Affaires et finances

Standard Chartered rend 1 milliard à ses investisseurs, l’IA s’occupe du reste

Victor Maslow

Standard Chartered récompense ses actionnaires avec un rachat d’actions de 1 milliard de dollars tout en supprimant des emplois dans les services administratifs grâce à un programme d’intelligence artificielle — un duo qui révèle précisément à quoi ressemble le pari de l’automatisation dans le secteur bancaire lorsqu’il commence à rapporter.

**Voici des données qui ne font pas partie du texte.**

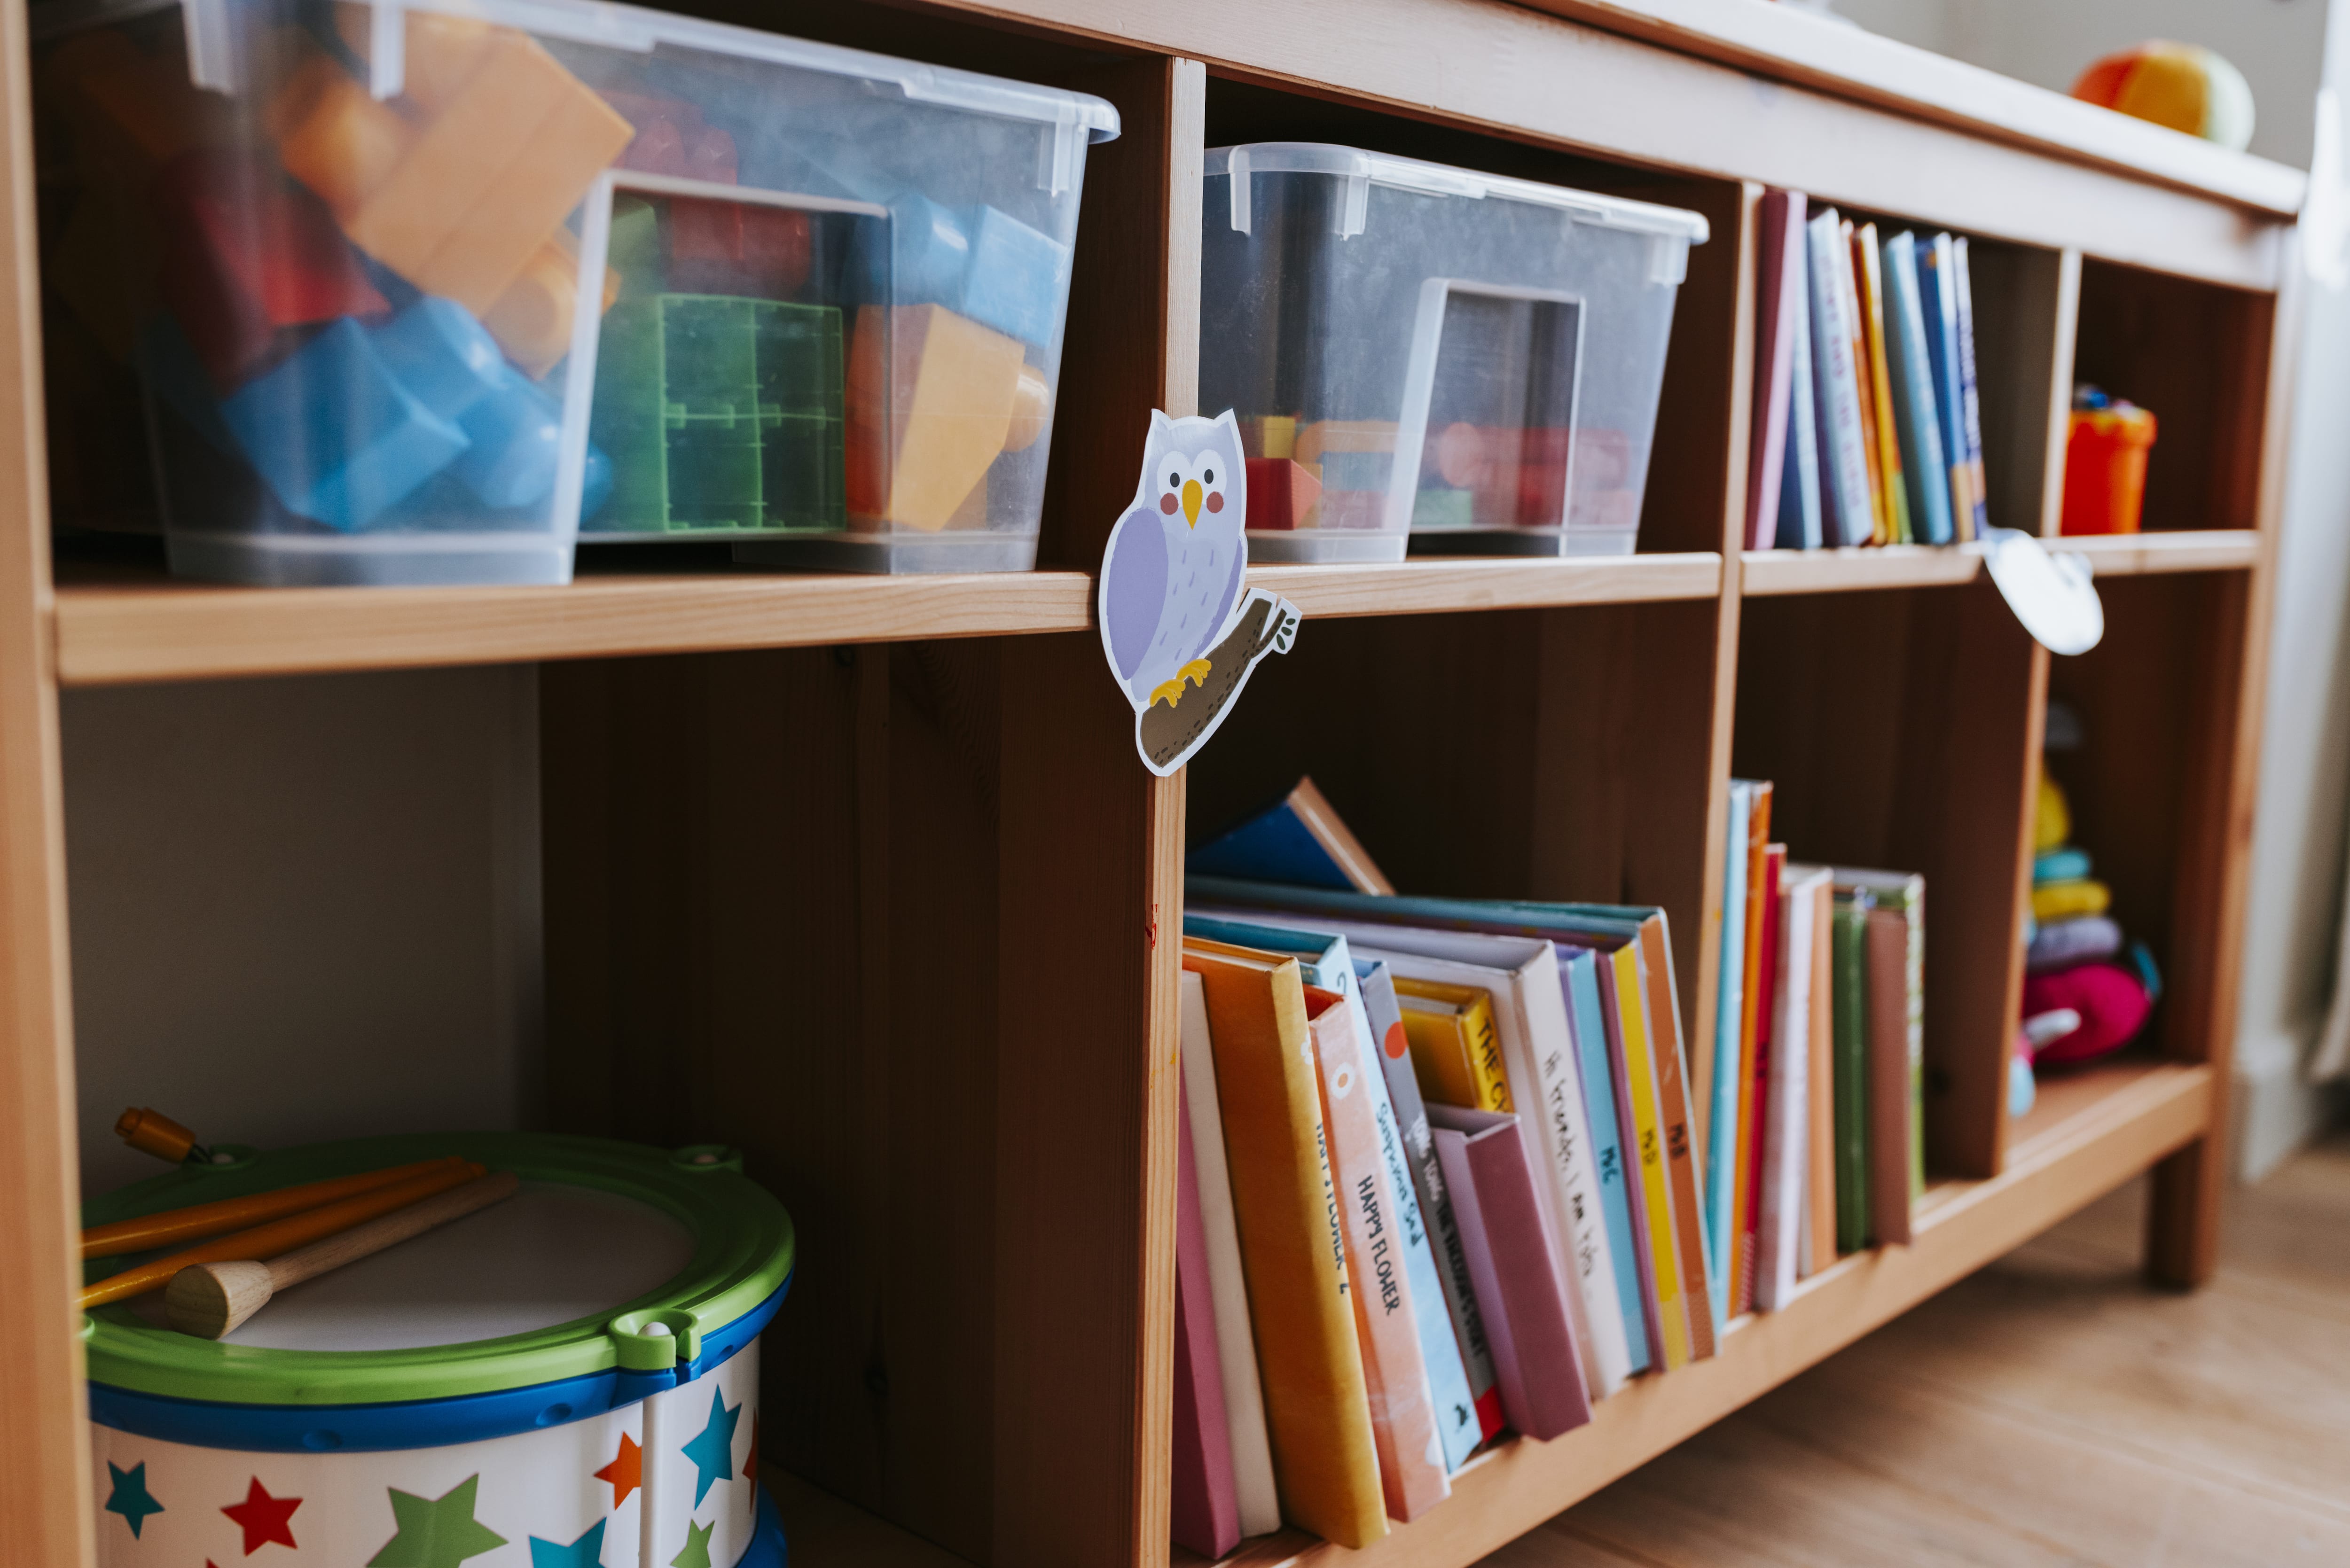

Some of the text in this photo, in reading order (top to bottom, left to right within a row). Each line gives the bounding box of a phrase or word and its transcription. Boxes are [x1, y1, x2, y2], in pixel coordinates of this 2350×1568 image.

La décision de la banque britannique axée sur l’Asie de lancer ce rachat d’actions parallèlement à une campagne de réduction des coûts ancrée dans l’IA n’est pas un hasard. Les deux mouvements parlent le même langage financier : l’IA réduit les coûts opérationnels ; des coûts plus bas augmentent les bénéfices ; des bénéfices plus solides justifient les retours de capital. Ce qui a tendance à être oublié dans cette chaîne, c’est là où ces coûts se trouvaient avant de disparaître.

Standard Chartered tire la majeure partie de ses revenus d’Asie, d’Afrique et du Moyen-Orient, ce qui la place à un point de pivotement inhabituel dans l’industrie bancaire mondiale. Sur ces marchés, les services financiers numériques ont sauté une génération d’infrastructures traditionnelles ; les contraintes de conformité, en revanche, ne l’ont pas fait. La documentation du financement du commerce, la surveillance anti-blanchiment et les rapports réglementaires — les fonctions les plus exposées à l’automatisation du back-office — restent intensives en main-d’œuvre dans les zones géographiques clés de la banque. L’argument de l’IA dans ces domaines est essentiellement un argument de coût par transaction, et Standard Chartered a parié que cet argument tient.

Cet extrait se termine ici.